In the process of carrying out the KV Pharmaceuticals capital structure arbitrage trade of 2012, I got caught with my pants down a bit as I didn’t think to sell the convertible notes before they stopped trading. As a result, I missed an opportunity to lock in a capital loss for tax purposes at the time, which would’ve helped shield some of the income I made on the puts and thus made the trade as a whole more tax efficient.

Instead, I got a double-whammy of tax inefficiency for my ignorance, a chicken that finally came home to roost in tax FY2013 as the CPA assisting me with my tax preparation informed me that I ended up owing an additional sum beyond amounts withheld in prior periods due to Original Issue Discount (OID) interest income related to my defunct KV Pharmaceuticals play!

At first I was shocked and dismayed– the company went into bankruptcy and the securities were eventually removed from my account entirely earlier this year. How could I owe taxes when I never earned any cash interest and will never get back even a penny from the securities I stupidly held onto?

I talked about it with my CPA (who double-checked with his partner) and then spoke to a rep at TD Ameritrade and the matter is decisively not going to turn out in my favor. I learned that when a bond goes into default it often switches from cash interest basis to accrual interest basis in the eyes of the IRS, and like any good group of thugs they want their blood now, not later. In other words, I owe federal income tax on “accrued interest” I not only never received but never will receive. Because the securities were removed from my account in 2014 and not 2013, it looks like I accrued interest income due to me even though we clearly know right now that I’ll never get it.

Instead, I get a stepped up cost basis on the securities (in the amount equal to the accrued interest not received) so when I finally report the loss for FY2014 taxes, it’ll be a total loss of X + Y instead of just X. I get to shield additional future income with the X + Y amount but I paid real cash up front for the privilege.

If I had known better, I would’ve executed this trade such that the gains and losses all occurred in the same period in 2012. I also probably wouldn’t have gotten into a trade in the first place whose money-making mechanics I generally understood but about whose technical execution and tax implications I was grossly ignorant.

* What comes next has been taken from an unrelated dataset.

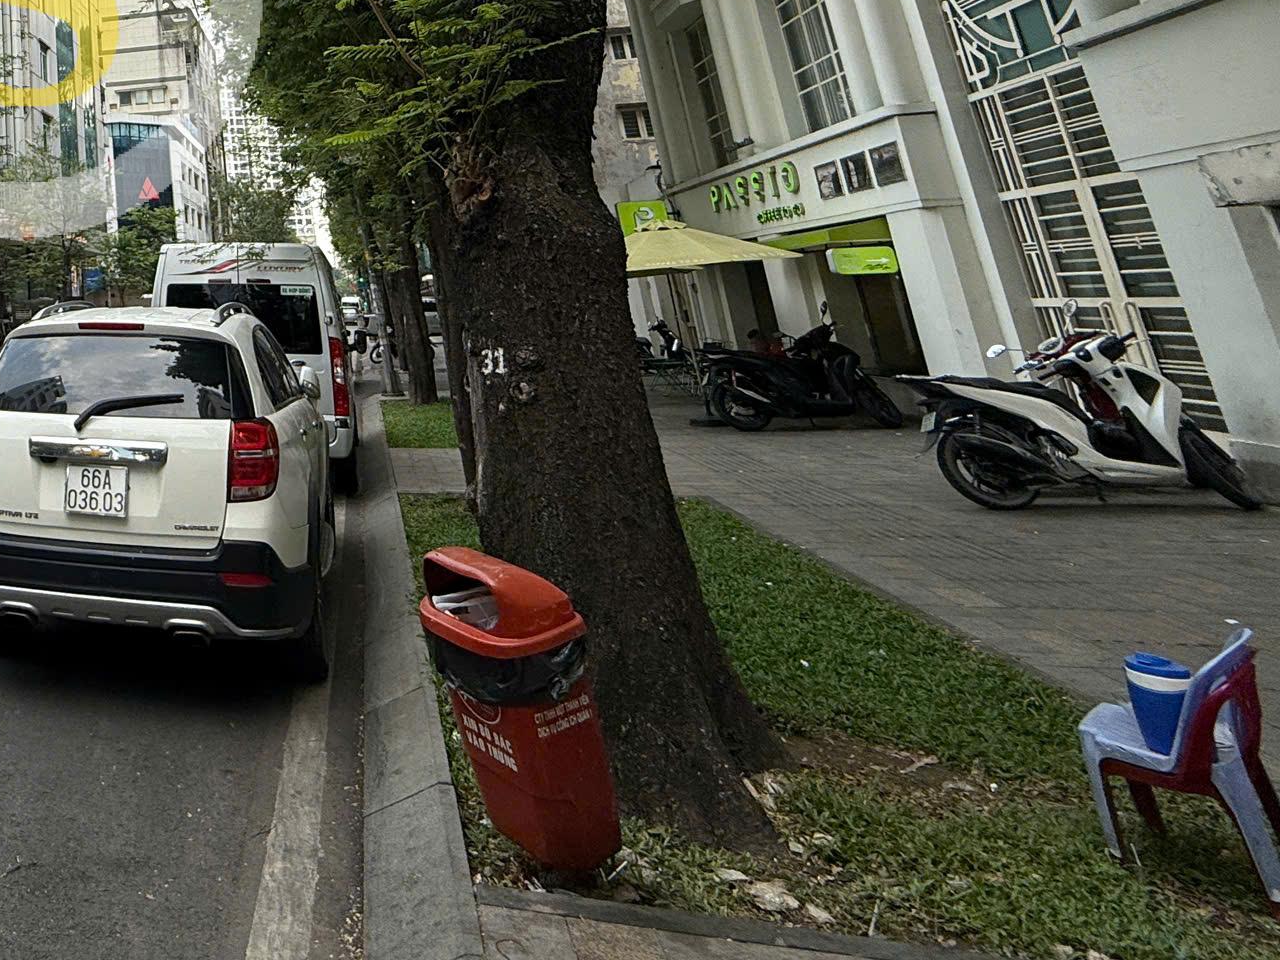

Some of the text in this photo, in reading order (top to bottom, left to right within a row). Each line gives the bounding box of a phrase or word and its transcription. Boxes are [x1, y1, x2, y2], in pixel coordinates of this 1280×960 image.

[256, 265, 304, 273] LUXURY
[81, 468, 111, 490] 66A
[68, 489, 123, 512] 036.03

Another expensive lesson learned!

Notes – Stanford Graduate School of Business Search Fund Primer (#searchfund, #business, #investing)

Notes on “A Primer On Search Funds” produced by the Stanford Graduate School of Business

“The Search Fund”

  • Greater than 20% of search funds have not acquired a company
  • Stages of the Search Fund model:
  • Raise initial capital (2-6mos)
  • Search for acquisition (1-30mos)
  • Raise acquisition capital and close transaction (6mos)
  • Operation and value creation (4-7+ years)
  • Exit (6mos)
  • SFs target industries not subject to rapid tech change, easy to understand, fragmented geographic or product markets, growing
  • Highest quality deals are found outside broker network/open market due to lack of auction dynamics
  • Research shows that partnerships are more likely to complete an acquisition and have a successful outcome than solo searchers (71% yielded positive return, 15 of top 20 performing funds were partnerships)
  • Principals budget a salary of $80,000-120,000 per year w/ median amount raised per principal $300,000~
  • Majority of the economic benefit of SF comes through principal’s earned equity; entrepreneur/partners receive 15-30% equity stake in acquired company in three tranches
  • Investors typically receive preference over the SFer, ensuring investment is repaid, with return attached, before SFer receives equity value
  • Individual IRR from 2003-2011 median was not meaningful, heavily skewed toward 75th percentile where median was 26% in 2011; 57% of individual IRRs were not meaningful in 2011; the median fund destroyed capital in 2009 (0.5x) and 2011 (0.8x); 58% in 2011 broke even or lost money
  • Half of the funds that represent a total or partial loss were funds that did not acquire a company; biggest risk is in not acquiring a company at all
  • Median acquisition multiples: 1.1x revenues; 5.1x EBITDA
  • Median deal size, $8.5M

“Raising a Fund”

  • Search fund capital should come from investors with the ability and willingness to participate in the acquisition round of capital raising

“Search Fund Economics”

  • Search fund investors often participate at a stepped up rate of 150% of original investment in acquired company securities

“Setting Criteria and Evaluating Industries”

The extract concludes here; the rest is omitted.